There, his guru introduced him to yoga, meditation, Buddhism and Sufism, and gave him the name Ram Dass, Hindi for “servant of God.” (He is often called Baba Ram Dass; “baba” is an honorary title.)
Ram Dass wrote “Be Here Now” when he returned to the United States. Around the same time, he told The New York Times that he had turned away from drugs, saying: “I don’t want to break the law, since that leads to fear and paranoia.”
In 1974, Ram Dass founded the Hanuman Foundation, which set up programs such as the Prison Ashram Project to introduce inmates to spirituality. He also helped create the Seva Foundation, which works to prevent blindness and helps community groups in developing countries. His Love Serve Remember Foundation is dedicated to preserving his teachings and those of Neem Karoli Baba.
Ram Dass lived for many years in the quiet town of San Anselmo, Calif., about 20 miles north of San Francisco, surrounded by the markers of his life straddling East and West: Japanese prints and statues of Buddha, seashells from the South Pacific and a well-used player piano.

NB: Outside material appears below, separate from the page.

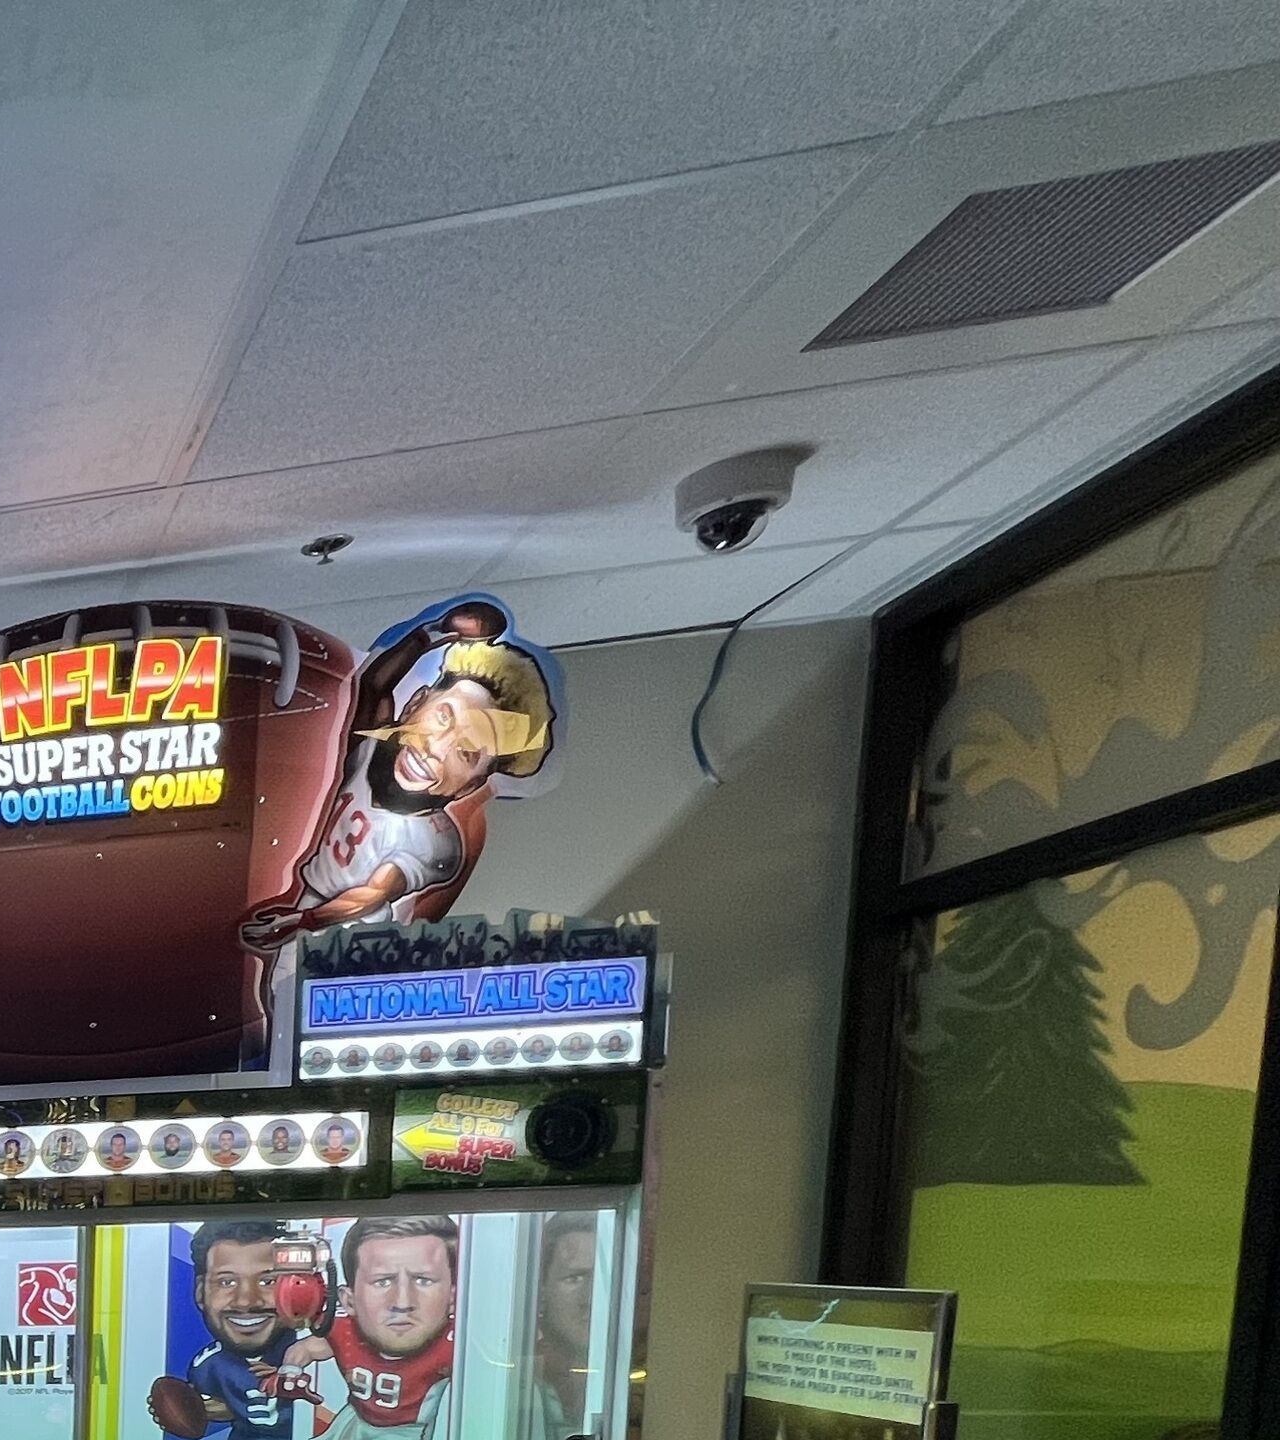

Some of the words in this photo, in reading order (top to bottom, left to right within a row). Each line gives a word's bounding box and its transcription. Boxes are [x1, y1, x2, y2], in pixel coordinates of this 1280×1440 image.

In later years, he moved to Woodside, Calif. More recently, he was based in Maui.
He said his 1997 stroke brought physical and spiritual suffering, but that he came to see the suffering as a source of insight that he could share with others facing their own battles with illness and aging.
“It’s brought out new aspects of myself and aspects of my relationship to the world,” he said in 1998. The stroke has gotten me into a stage of life — this is a stage close to death, a stage which is inward.”
After regaining his speech, Ram Dass returned to the lecture circuit, starting by touring Northern California sharing tales of what he called his state of “heavy grace.”
“All illnesses are part of the passing show,” he told the San Francisco Chronicle in 2004. “You are not just your body. You are the witness of your body.”
He had a falling out with Leary in the 1970s after rumors surfaced that the latter, jailed on drug and prison-break charges, offered to provide authorities with information on others involved in the drug culture in exchange for a lighter sentence.
But the pair had reconciled in the years before Leary’s death in 1996, joking back and forth and praising one another as they made joint appearances at lectures. When Leary was on his deathbed, Ram Dass came to visit after Leary asked for advice on how best to let go of life.
“The mythic level that Timothy and I lived at was that we were adventurers,” he said in the 2014 documentary, “Dying to Know: Ram Dass & Timothy Leary.”
Although speaking of Leary, Ram Dass added an epithet that also could be his own: “If you have identified with your soul when you are alive, death is just another moment.”